Wednesday, July 13, 2011

Previously... 1.5.11

01/05/2011 The Trip

So. Did you know that I’m going to Europe this year? You probably did. But you probably didn’t know how nervous I am about the whole thing! Which is stopping me from from thinking and planning the trip. It’s crazy, and yet it’s true.

I’m nervous because every time I think of it I hear the voices of my youth asking me who I think I am to be traipsing off to Europe anyway! And do I even realize how much I travel already? It’s ridiculous Travel is for rich people. Smart people. Interesting people. But not you Shelly, don’t even imagine you can go.

That voice is mean and usually just a little bit of it makes me nervous and scared, so I stop thinking about the trip, just like it says. But I realized yesterday it is not very far away! I need to start getting serious about it.

Another thing that makes me nervous is the money part. So many people think I’m wasting my money, and maybe they’re right. I can’t really know till time passes and I take a look back. But it doesn’t seem like a waste. I hear a lot that I should be using that money on a car, but that sounds like a big drag thing to spend money on. I mean I understand it’s necessary but I am just not a car lover at all.

The only thing I could spend around the same amount of money on and think is even kind of worth the same amount of money is some kind of home remodel improvement action. I want the carpets gone and fake wood floors everywhere. And my kitchen is so half broken and old I would love a new kitchen just about every single day.

Now that I’m thinking of it, I really really love the idea of a brand new kichen and wood floors.

But no! I have been planning this trip to take Hannah to Europe for I don’t know how many years. I have told everyone, and I have told Hannah. And yes I know you get nothing tangible out of it (like beautiful floors and a new fridge), but the tangible is not what I care most about. For some reason the tangible seems like the kind of thing you save up for, but when you get a big gift (like this money was to me) it is meant to be spent on things more magic than a kitchen floor.

So I have to blow off all that ‘don’t go’ thinking and just know I am supposed to go. And supposed to take Hannah even though she seems like she’d rather stay home instead.

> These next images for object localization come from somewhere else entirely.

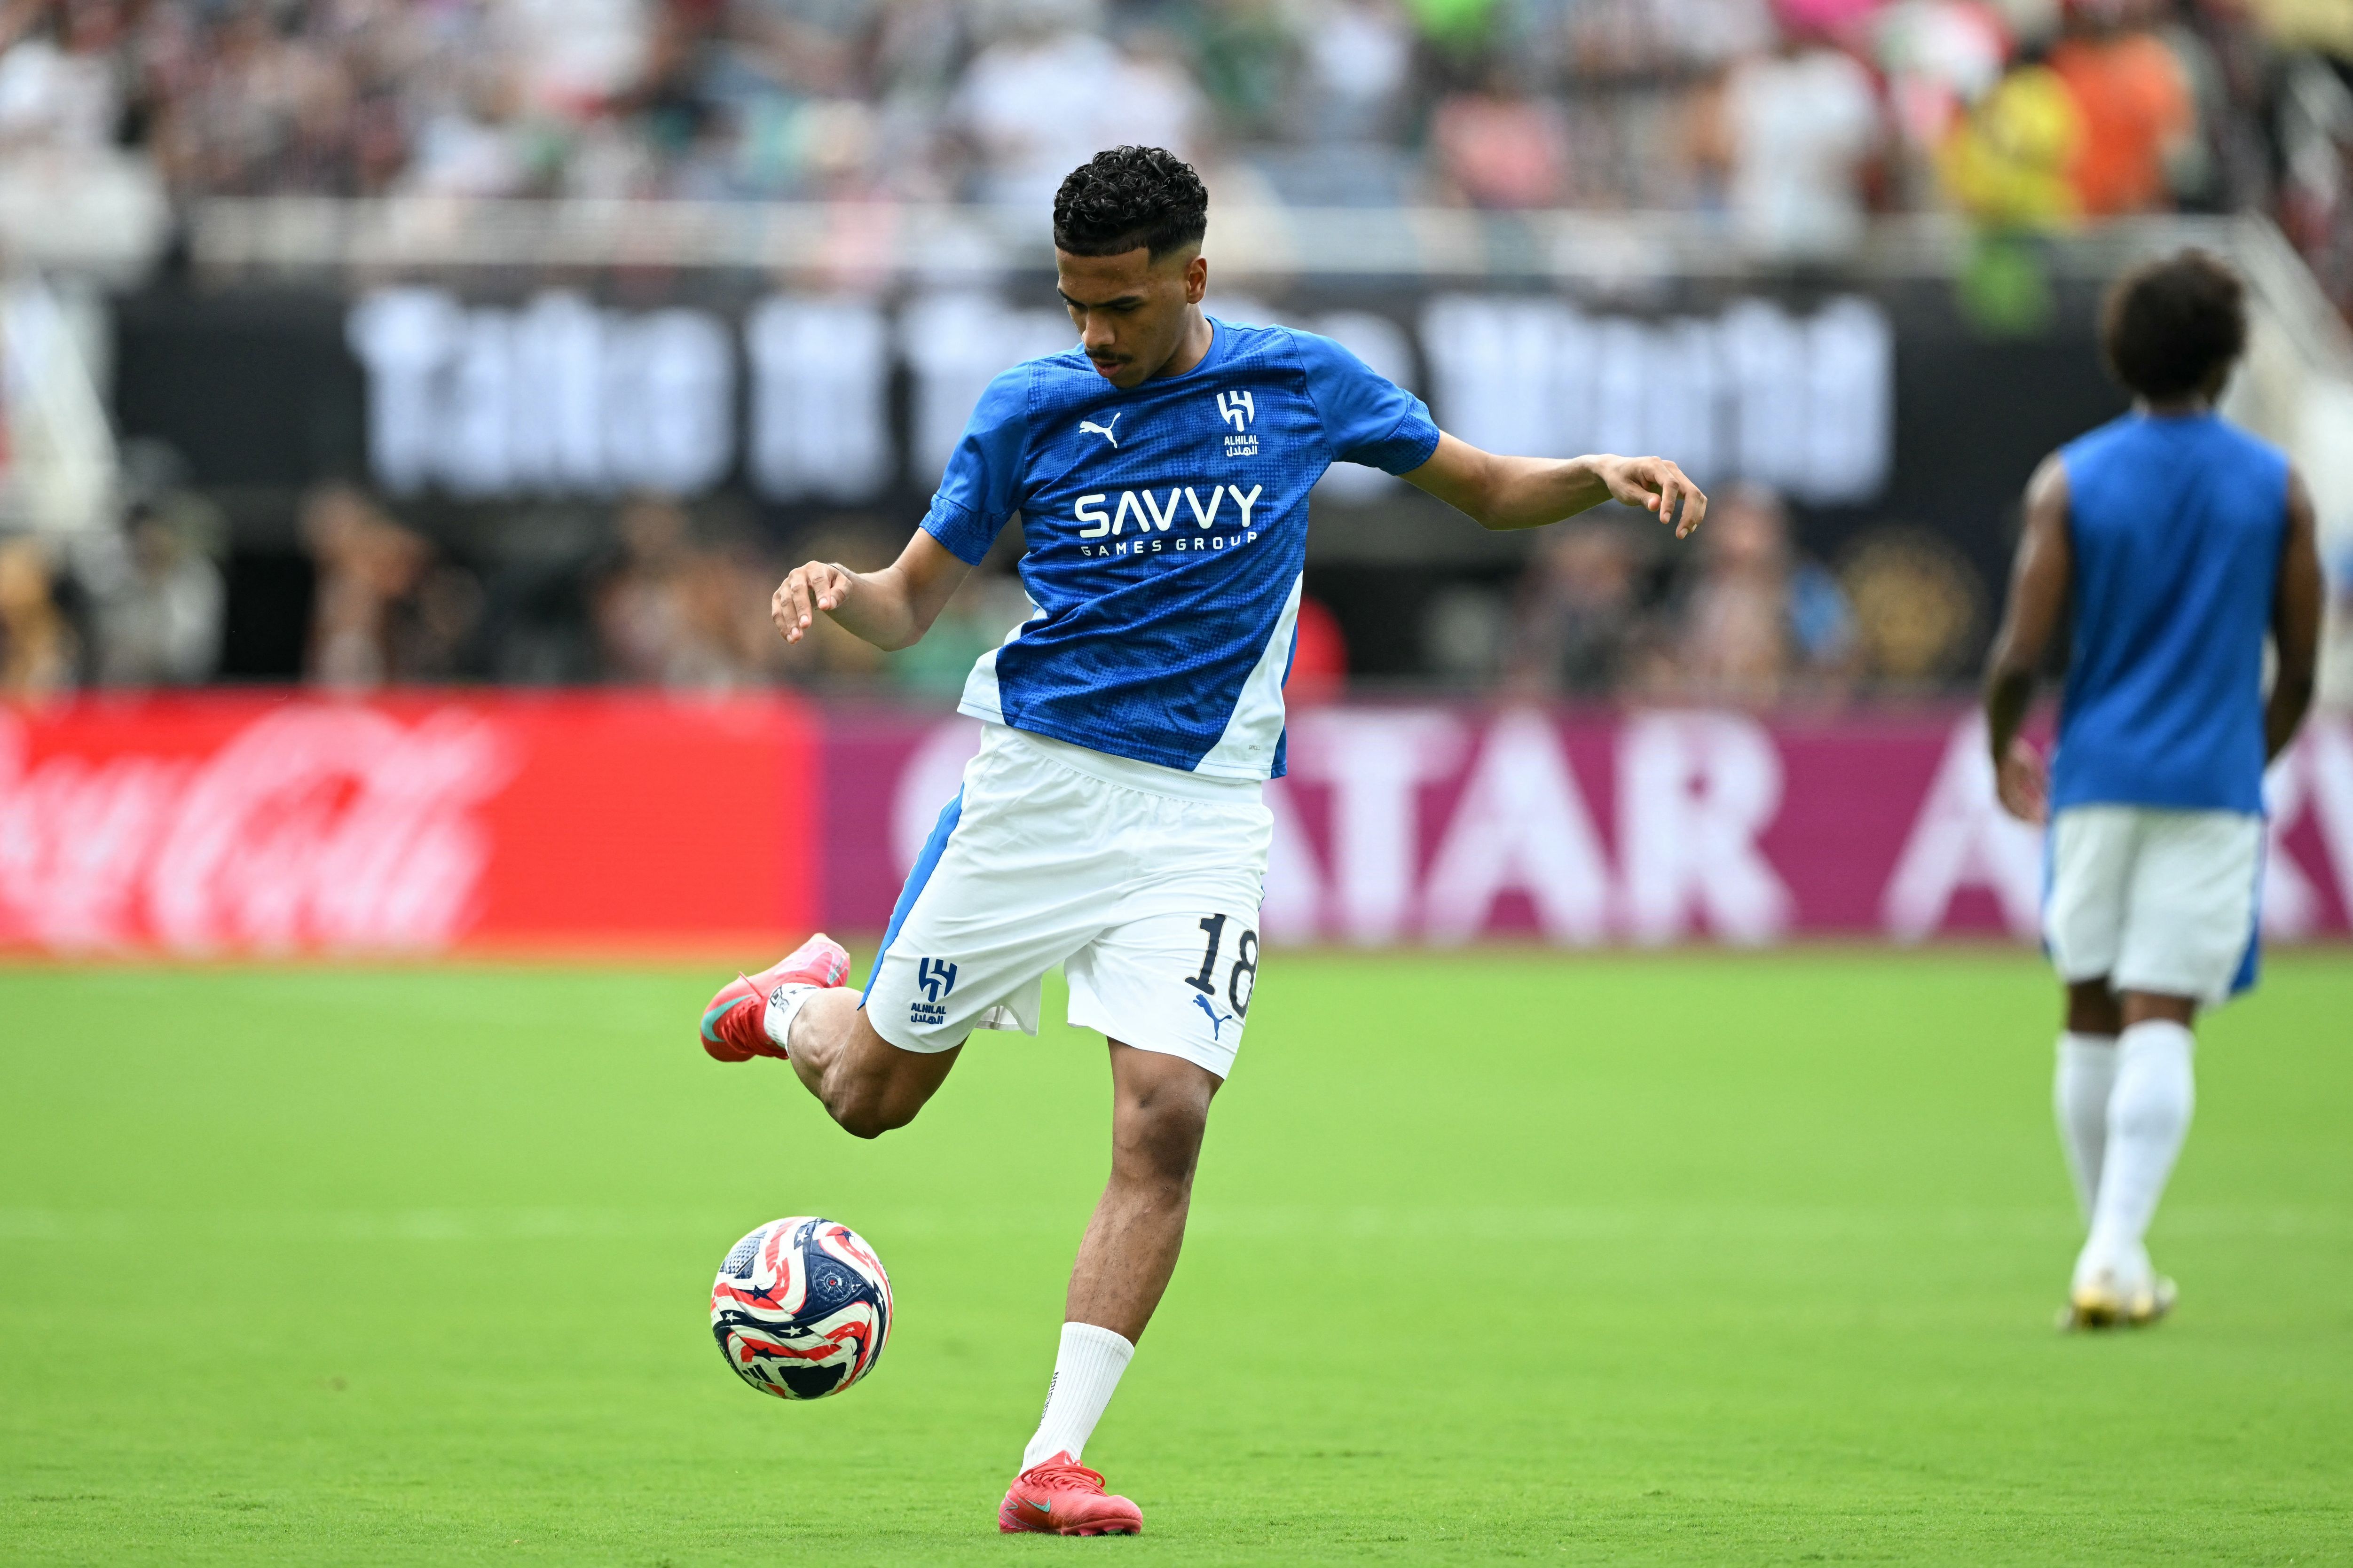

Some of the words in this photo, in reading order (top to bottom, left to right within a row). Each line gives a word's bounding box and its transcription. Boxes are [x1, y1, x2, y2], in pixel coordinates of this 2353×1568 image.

[1224, 435, 1259, 446] ALHILAL
[1226, 446, 1258, 457] الهلال
[1075, 484, 1262, 538] SAVVY
[1081, 540, 1162, 557] GAMES
[1176, 531, 1257, 550] GROUP
[1184, 913, 1259, 1019] 18
[911, 1003, 946, 1014] ALHILAL
[910, 1013, 944, 1025] الهلال
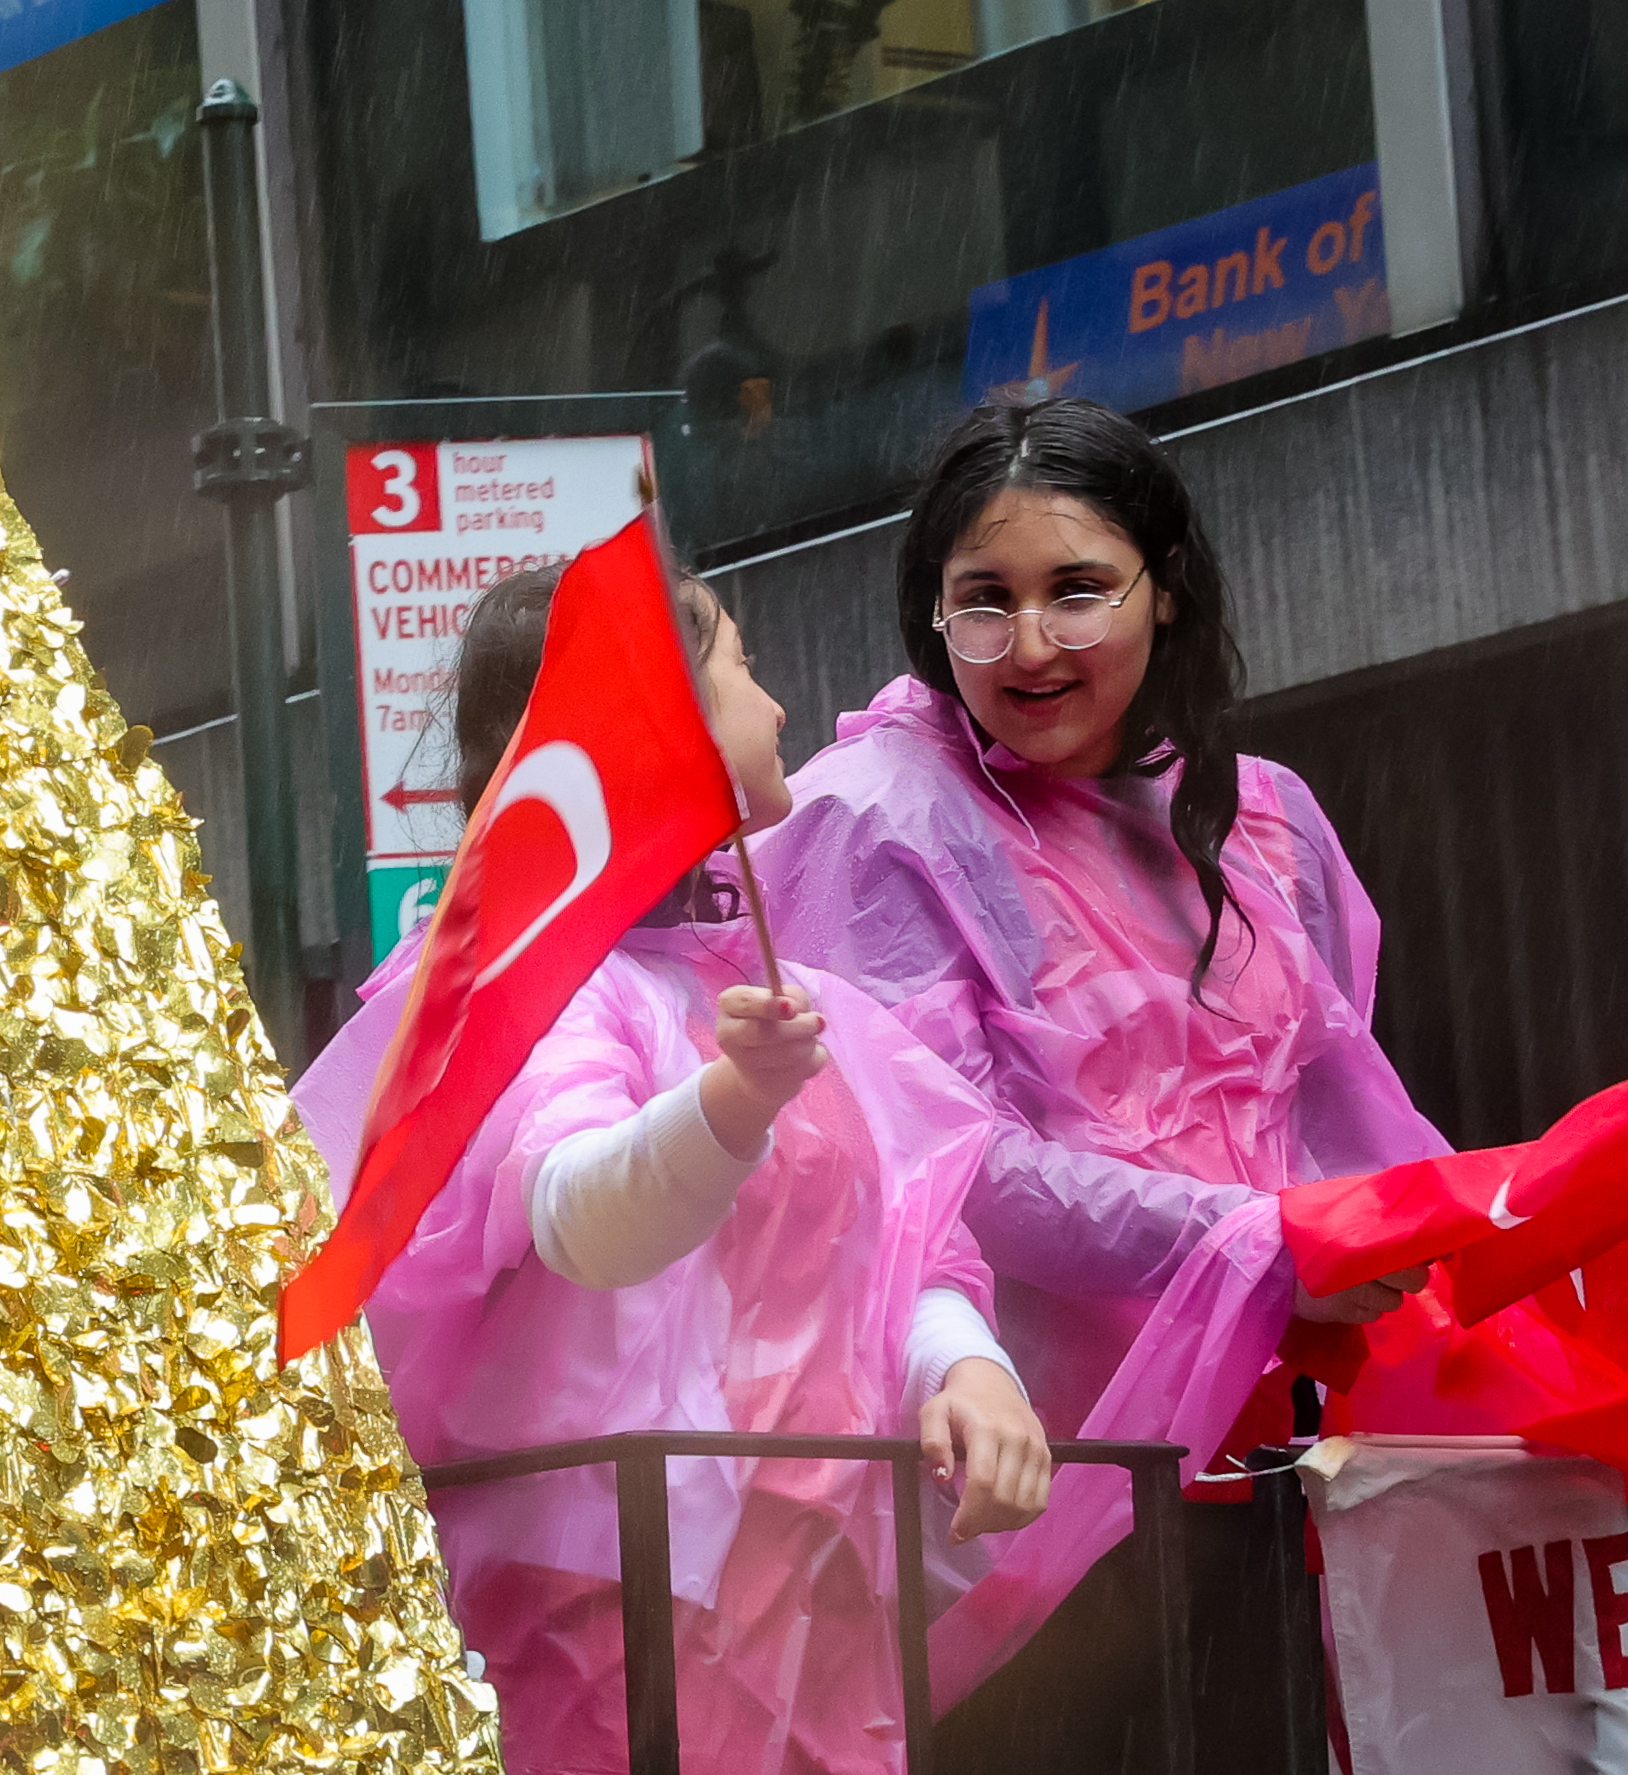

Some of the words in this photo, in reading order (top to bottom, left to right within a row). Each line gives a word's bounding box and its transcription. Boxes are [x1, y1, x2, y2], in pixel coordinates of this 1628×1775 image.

[1128, 226, 1288, 334] Bank
[1306, 190, 1377, 276] of
[452, 451, 507, 474] hour
[370, 449, 423, 528] 3
[454, 476, 555, 503] metered
[455, 506, 544, 536] parking
[370, 602, 472, 641] VEHIC
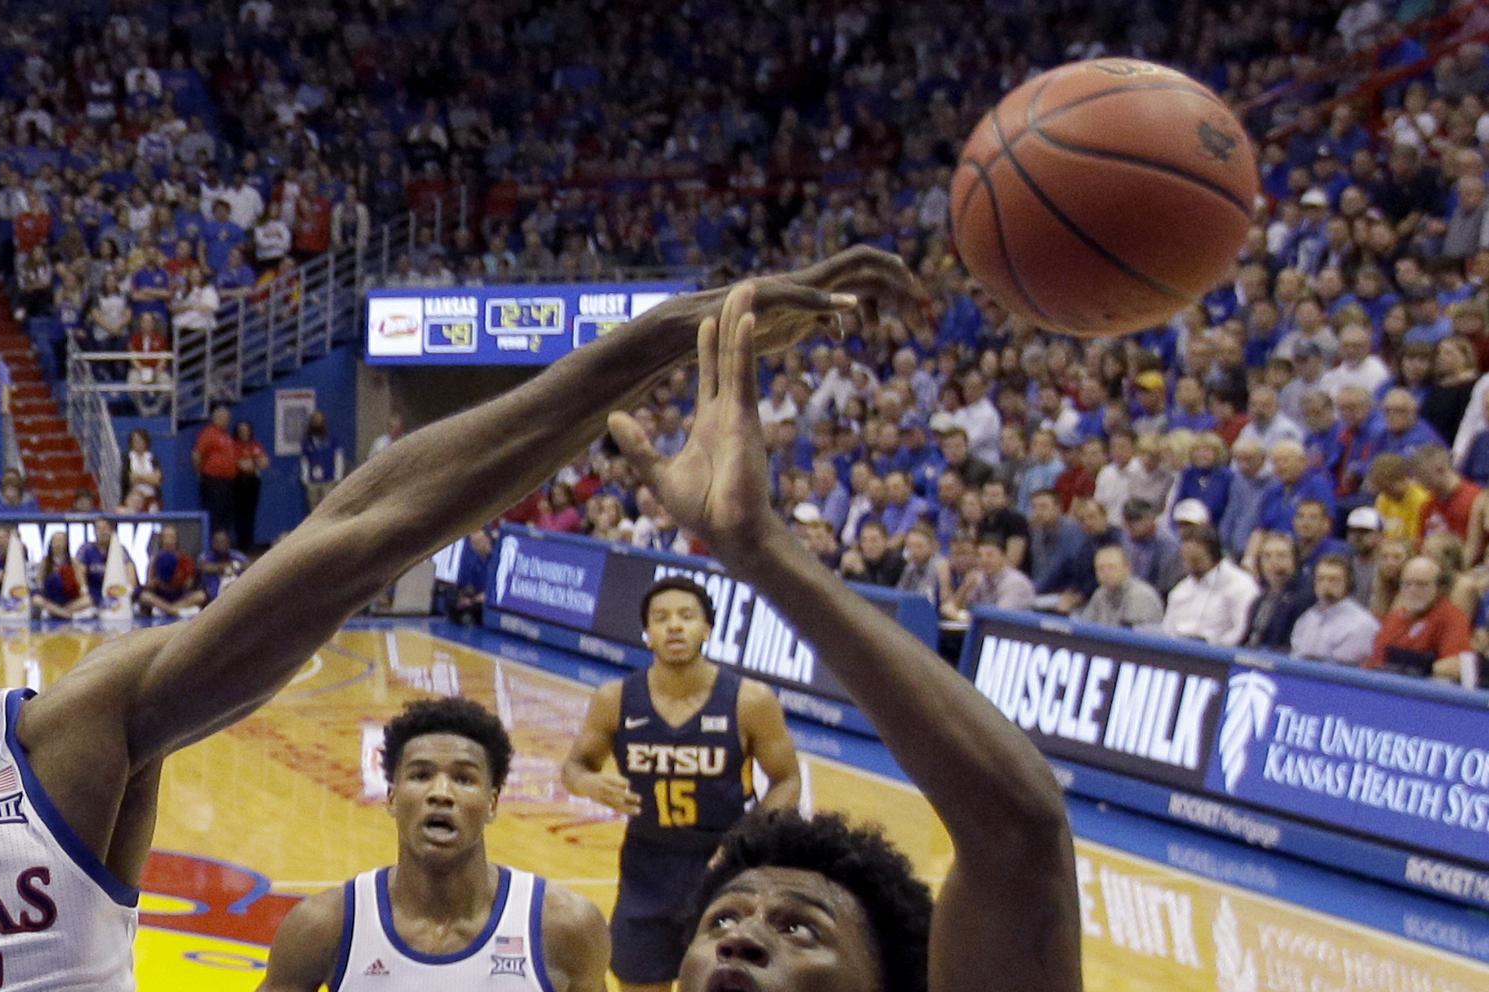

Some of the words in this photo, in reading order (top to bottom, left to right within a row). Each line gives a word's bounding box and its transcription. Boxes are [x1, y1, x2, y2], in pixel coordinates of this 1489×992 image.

[975, 635, 1114, 744] MUSCLE
[1103, 661, 1218, 770] MILK
[626, 743, 727, 776] ETSU
[1274, 704, 1323, 749] THE
[1320, 714, 1463, 781] UNIVERSITY
[1462, 748, 1489, 787] O
[654, 779, 699, 827] 15
[1263, 742, 1351, 797] KANSAS
[1348, 761, 1445, 821] HEALTH
[1443, 783, 1489, 833] SYS

It’s the right thing to do, and so I’m going to do it.

And so i need to get busy doing it.

Oh, and one thing I got busy and did was make an executive decision that we are at least going to Rome on our trip, and maybe even Florence and/or Venice. Hannah may feel homesick some, and I’m sure she’ll miss her boyfriend, but neither enough to blot out the amazement that is Rome.

I know our itinerary. I’ve made up a little set of webpages, with pages for each city we’re staying in and pages for some things we want to visit. But I still need to read more about the cities and have better knowledge about what there is. I have some ideas for where we might stay in most cities, but not all and not for sure.

So I have a lot of reading, and a lot of planning to do. Very soon I’ll be keeping track of reservations and putting down deposits. Exciting. Expect too much talk about it soon.